Paul e Nina ficaram alguns segundos apenas se olhando. Fora Nina quem teve reação de puxar Paul pela mão e correr até a área onde ficava os cavalos, que não era muito longe. Quando chegaram lá viram uma criança encolhida perto da palha encostada num canto e os cavalos rodeando-a, enquanto ela gritava assustada.
Nina puxara a cela dos cavalos que estavam por perto, fazendo que eles se afastassem da menina. Então, em um súbito ataque de nervosismo Oliver, a irmã de Paul, abraçou Nina com toda a força que podia enquanto ainda chorava e soluçava.
- Está tudo bem agora, não se preocupe. Você está machucada? - Nina perguntava enquanto alisava o rosto da menina.
- Não, eu apenas fiquei com muito medo quando eles correram em minha direção. Eles são maus? Porque eles queriam me comer? - Através de soluços, Oliver perguntava.
- Eles são maus, mas não vou deixar que façam nada com você, tudo bem? - Nina sorriu.
- Paul, quem é essa moça que me ajudou? - Oliver agora perguntava baixinho perto de Paul.
- Ah, essa é Nina. A moça que estava fazendo acrobacias no circo, lembra-se? - Ele olhou para Nina, que não tirava os olhos de Oliver.
- Ah. Eu lembro sim. Obrigada, Nina. Você é muito bonita, sabia? - Oliver abraçava as pernas de Paul.
- Oh, querida, obrigada! Você também é uma menina muito linda. - Nina sorriu, agradecidamente.
- Bom, já que está tudo bem com você, quem aceita um sorvete? - Disse Paul enquanto afagava o cabelo de Oliver.
- Eu! - Gritou Oliver, soltando as pernas de Paul e esticando o braço ao máximo que conseguia.
- Eu, também. - Nina sorriu, levantando o dedo indicador. - Eu aceito um sorvete.

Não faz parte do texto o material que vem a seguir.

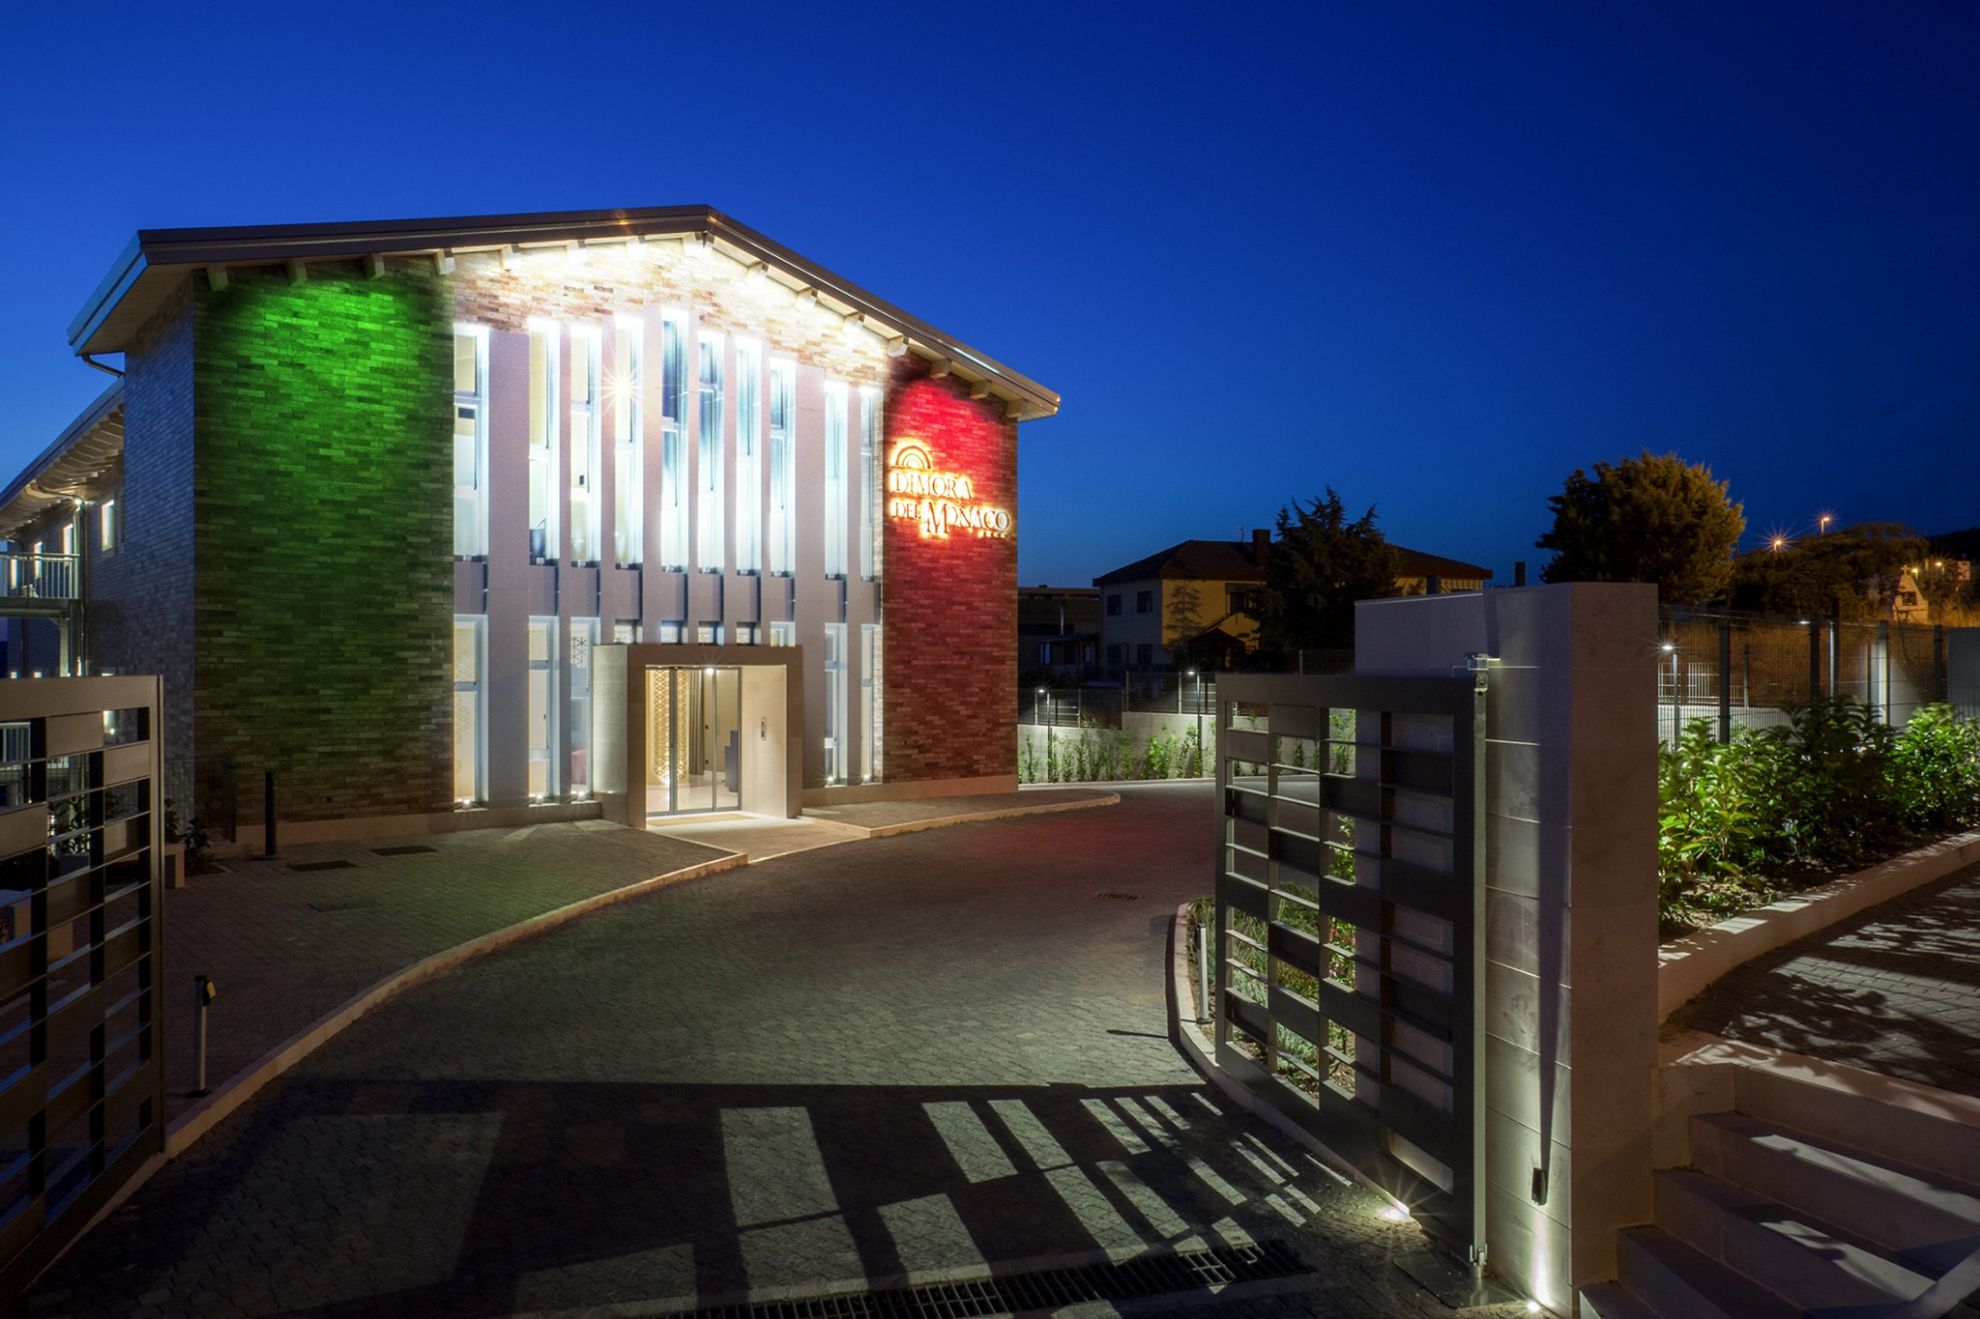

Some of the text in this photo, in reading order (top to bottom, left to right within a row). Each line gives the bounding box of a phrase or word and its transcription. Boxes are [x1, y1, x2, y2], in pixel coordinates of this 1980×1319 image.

[894, 472, 973, 500] DIMORA
[891, 501, 1010, 535] DEL MONACO
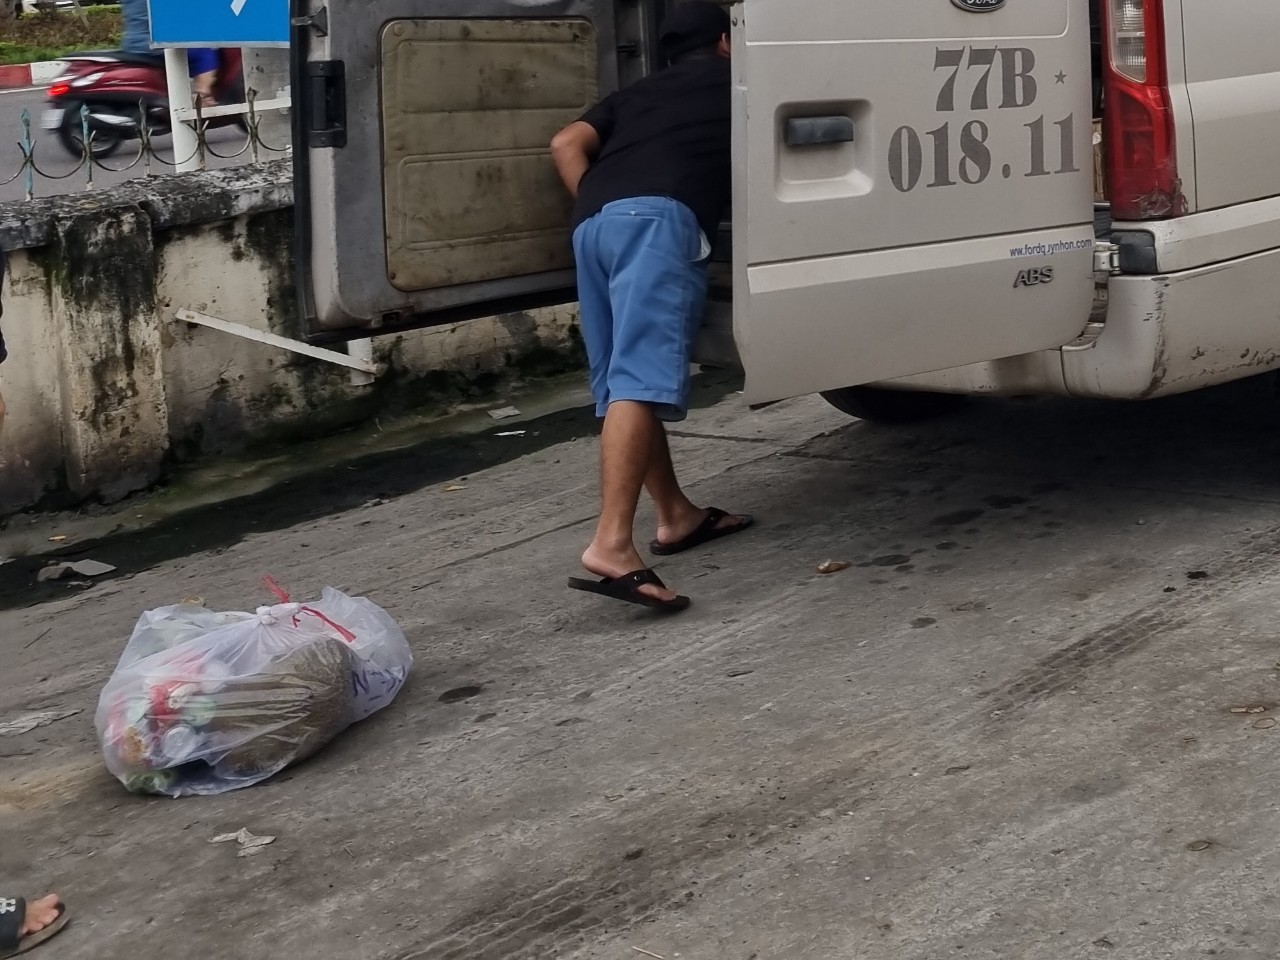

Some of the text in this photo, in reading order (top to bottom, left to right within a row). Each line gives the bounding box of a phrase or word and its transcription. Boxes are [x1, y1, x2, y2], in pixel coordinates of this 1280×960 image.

[933, 44, 1038, 112] 77B
[888, 112, 1080, 192] 018.11
[1013, 266, 1054, 288] ABS

A sorveteria mais perto era fora da área do circo, lugar onde Nina nunca ia: qualquer área que fosse fora do local de sua apresentação. Eles tomaram sorvete, conversaram, Oliver pedia inquietantemente outro sorvete que fez Nina chorar de rir por ver todo o seu rosto melado. Mais algumas conversas aleatórias, mais sorvetes, mais Oliver fazendo perguntas sem respostas.

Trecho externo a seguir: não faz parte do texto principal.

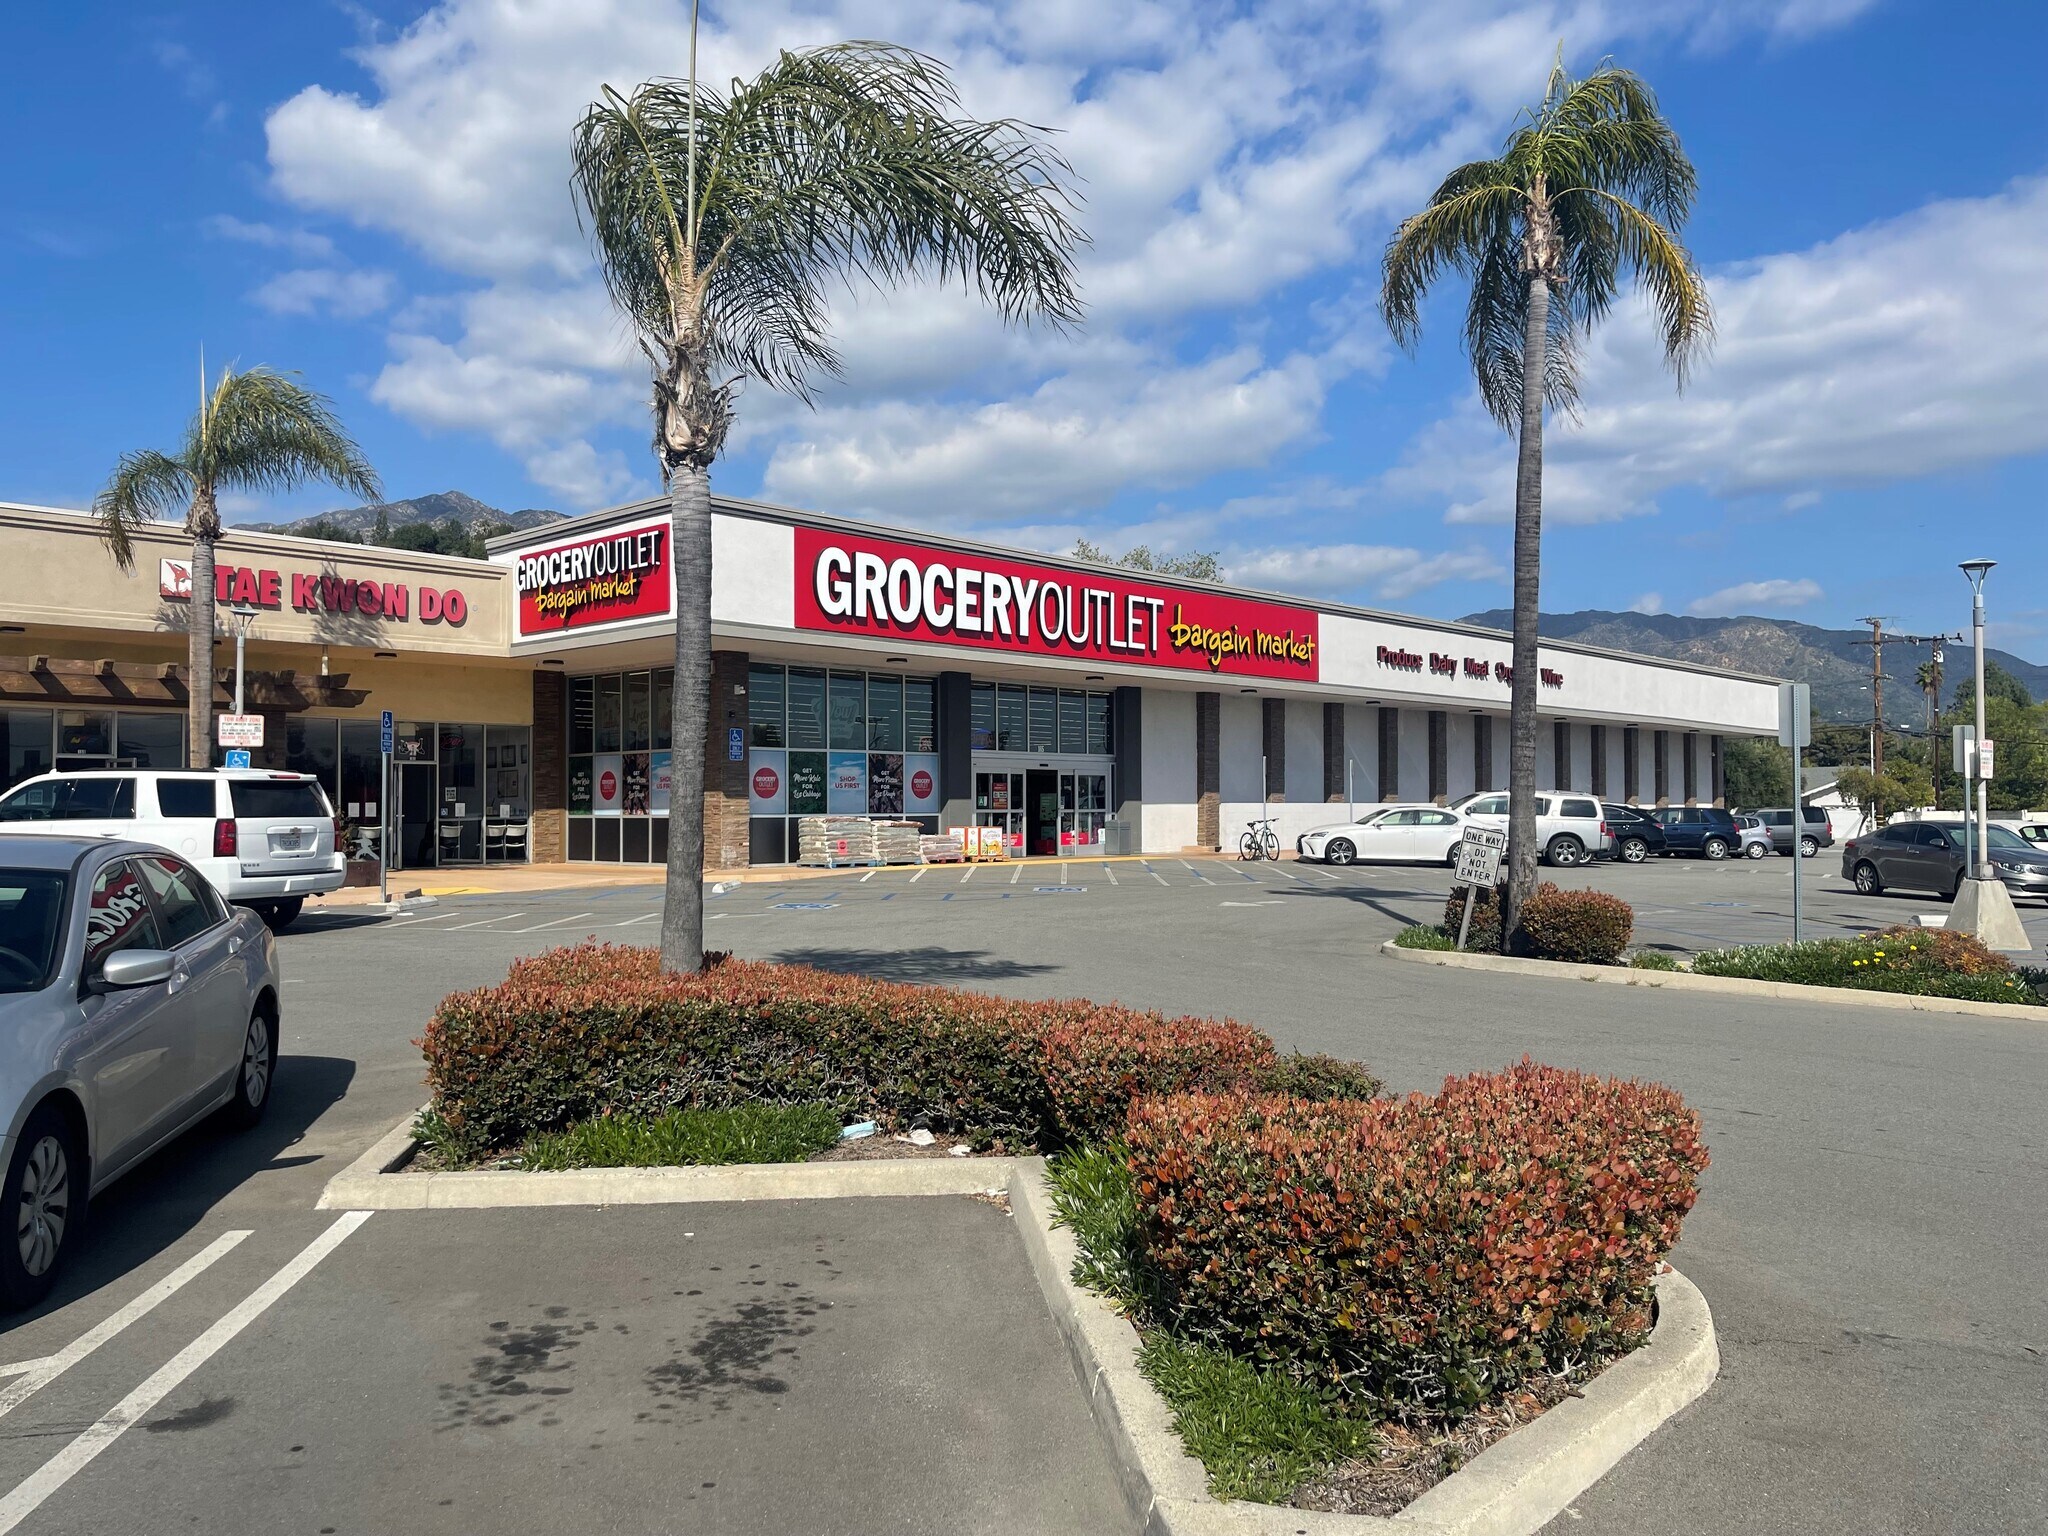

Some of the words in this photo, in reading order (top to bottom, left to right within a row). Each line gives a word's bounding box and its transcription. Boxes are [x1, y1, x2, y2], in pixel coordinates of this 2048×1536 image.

[213, 564, 279, 605] TAE
[292, 573, 408, 617] KWON
[419, 587, 468, 623] DO
[535, 580, 587, 619] bargain
[590, 572, 637, 601] market
[1170, 604, 1251, 667] bargain
[1257, 628, 1316, 662] market
[1377, 646, 1423, 668] Produce
[1431, 653, 1457, 673] Dairy
[1464, 657, 1489, 676] Meat
[1540, 667, 1563, 686] Wine
[1466, 832, 1483, 842] ONE
[1485, 836, 1501, 846] WAY
[1475, 849, 1486, 857] DO
[1469, 858, 1487, 869] NOT
[1461, 868, 1490, 880] ENTER

- Então, quanto tempo vai ficar na cidade? - Perguntou Paul enquanto limpava o rosto de Oliver.
- Só hoje. O circo precisa de dinheiro, temos uma apresentação em outra cidade perto daqui. Você é o primeiro rapaz que eu conheço fora do circo em muitos anos e já vou me despedir de você. - Nina olhou para o sorvete e teu outra tascada.
- É, sempre ouvi dizer que vida de circo era corrida, mas não achei que fosse tanto assim.

Nina sorriu e abaixou a cabeça, tomando um pouco mais do sorvete. Paul fizera o mesmo. Oliver sentou em um banco próximo a eles, onde havia dois gatinhos pequenos dos quais ela passava as mãos lambuzadas de sorvete neles. Nina achou a cena fofa, e sorriu de lado. Paul agradeceu mentalmente por Oliver estar bem.

- A propósito, obrigado por salvar a Oliver. Ela é tudo que eu tenho. Não sei o que faria se não fosse você. Obrigado, de verdade. - Paul afagava o ombro de Nina enquanto ela olhava pra ele.
- Ah, que besteira. Qualquer pessoa no meu lugar faria o mesmo. Agradeça a Deus, foi ele quem salvou ela e não eu. - Ela sorriu.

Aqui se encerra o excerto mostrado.